Material supplied
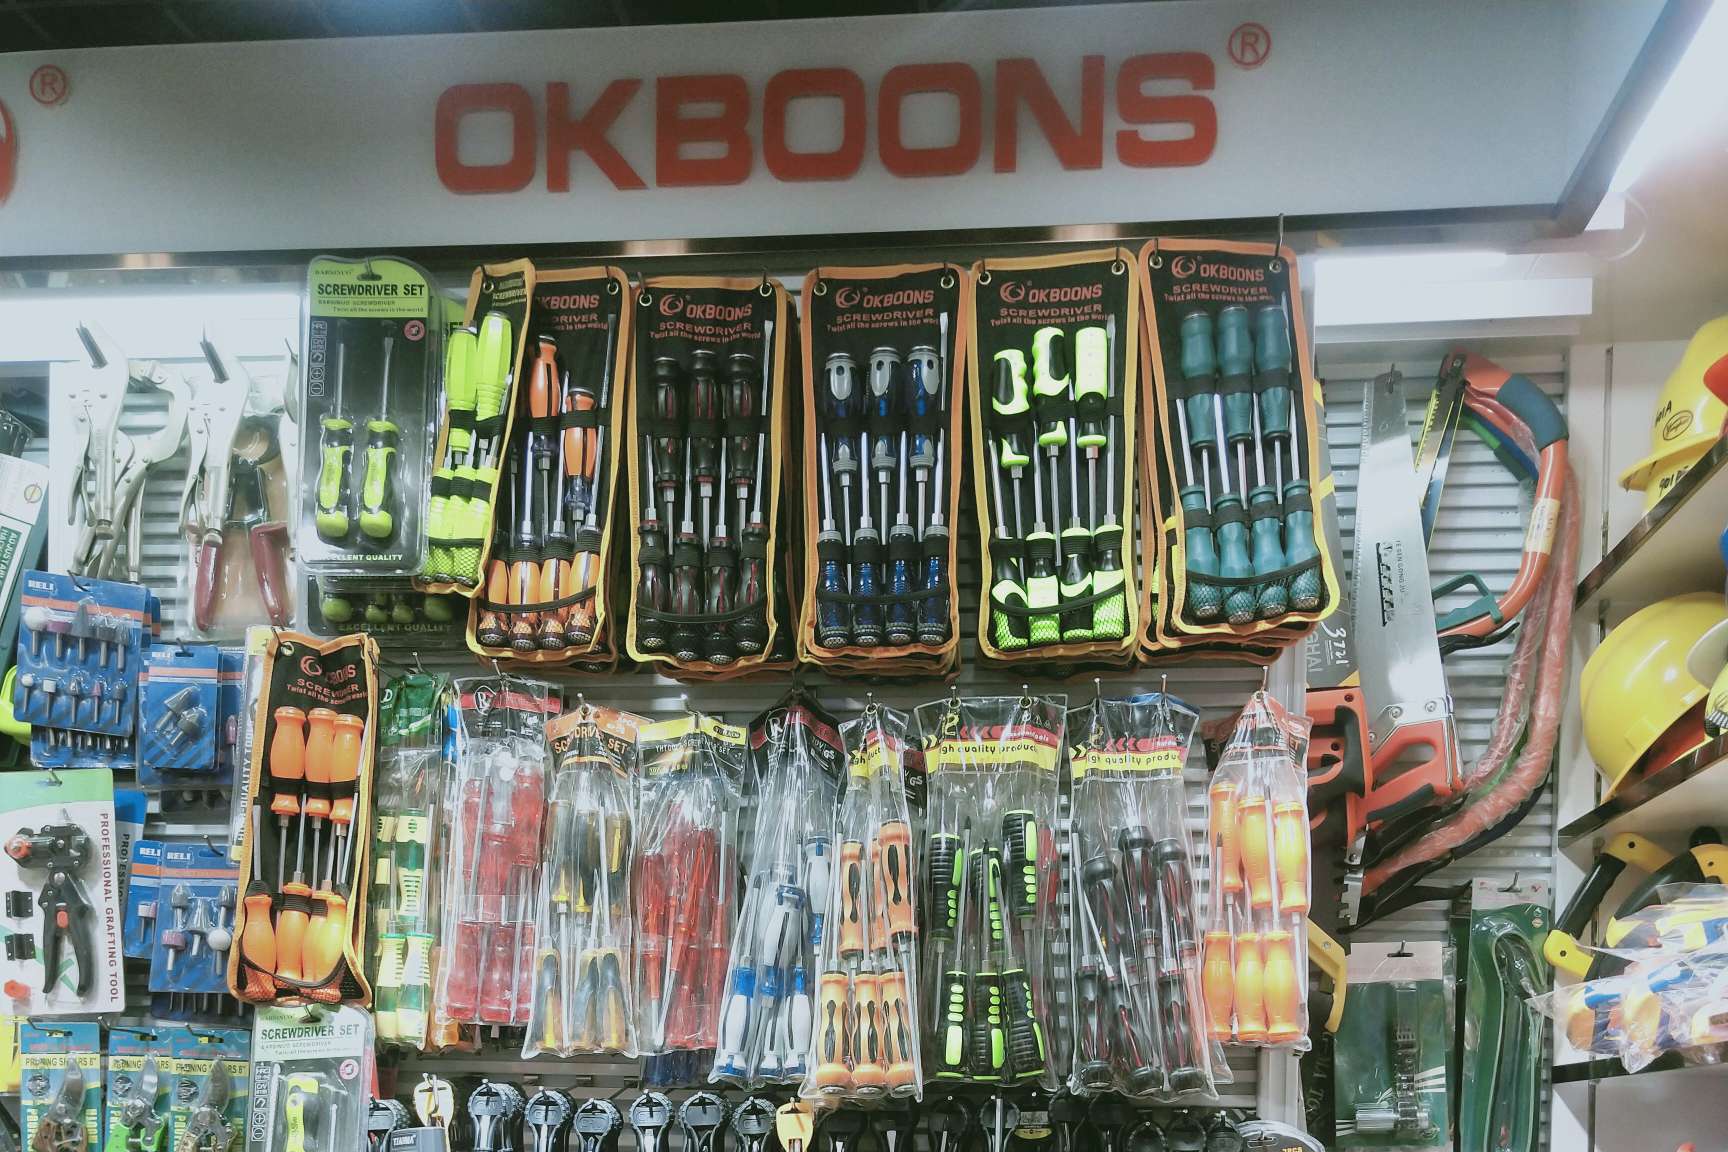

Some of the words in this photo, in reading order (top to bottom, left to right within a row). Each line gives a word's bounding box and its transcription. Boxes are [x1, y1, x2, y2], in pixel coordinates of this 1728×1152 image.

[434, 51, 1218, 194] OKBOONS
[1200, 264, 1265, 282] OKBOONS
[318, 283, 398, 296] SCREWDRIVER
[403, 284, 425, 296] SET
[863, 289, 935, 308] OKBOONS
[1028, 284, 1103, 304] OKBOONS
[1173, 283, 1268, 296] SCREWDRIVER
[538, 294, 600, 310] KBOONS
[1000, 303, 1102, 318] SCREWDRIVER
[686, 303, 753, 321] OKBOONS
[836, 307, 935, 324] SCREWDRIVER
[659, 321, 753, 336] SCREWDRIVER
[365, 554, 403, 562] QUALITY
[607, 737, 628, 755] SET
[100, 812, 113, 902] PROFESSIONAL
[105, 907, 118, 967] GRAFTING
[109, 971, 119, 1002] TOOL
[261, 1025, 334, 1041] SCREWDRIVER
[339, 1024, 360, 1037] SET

Problem statement
Without the pictures, give all of the entries above again exactly.

Written response
Some of the words in this photo, in reading order (top to bottom, left to right within a row). Each line gives a word's bounding box and its transcription. Boxes are [x1, y1, x2, y2], in pixel coordinates of this 1728×1152 image.

[434, 51, 1218, 194] OKBOONS
[1200, 264, 1265, 282] OKBOONS
[318, 283, 398, 296] SCREWDRIVER
[403, 284, 425, 296] SET
[863, 289, 935, 308] OKBOONS
[1028, 284, 1103, 304] OKBOONS
[1173, 283, 1268, 296] SCREWDRIVER
[538, 294, 600, 310] KBOONS
[1000, 303, 1102, 318] SCREWDRIVER
[686, 303, 753, 321] OKBOONS
[836, 307, 935, 324] SCREWDRIVER
[659, 321, 753, 336] SCREWDRIVER
[365, 554, 403, 562] QUALITY
[607, 737, 628, 755] SET
[100, 812, 113, 902] PROFESSIONAL
[105, 907, 118, 967] GRAFTING
[109, 971, 119, 1002] TOOL
[261, 1025, 334, 1041] SCREWDRIVER
[339, 1024, 360, 1037] SET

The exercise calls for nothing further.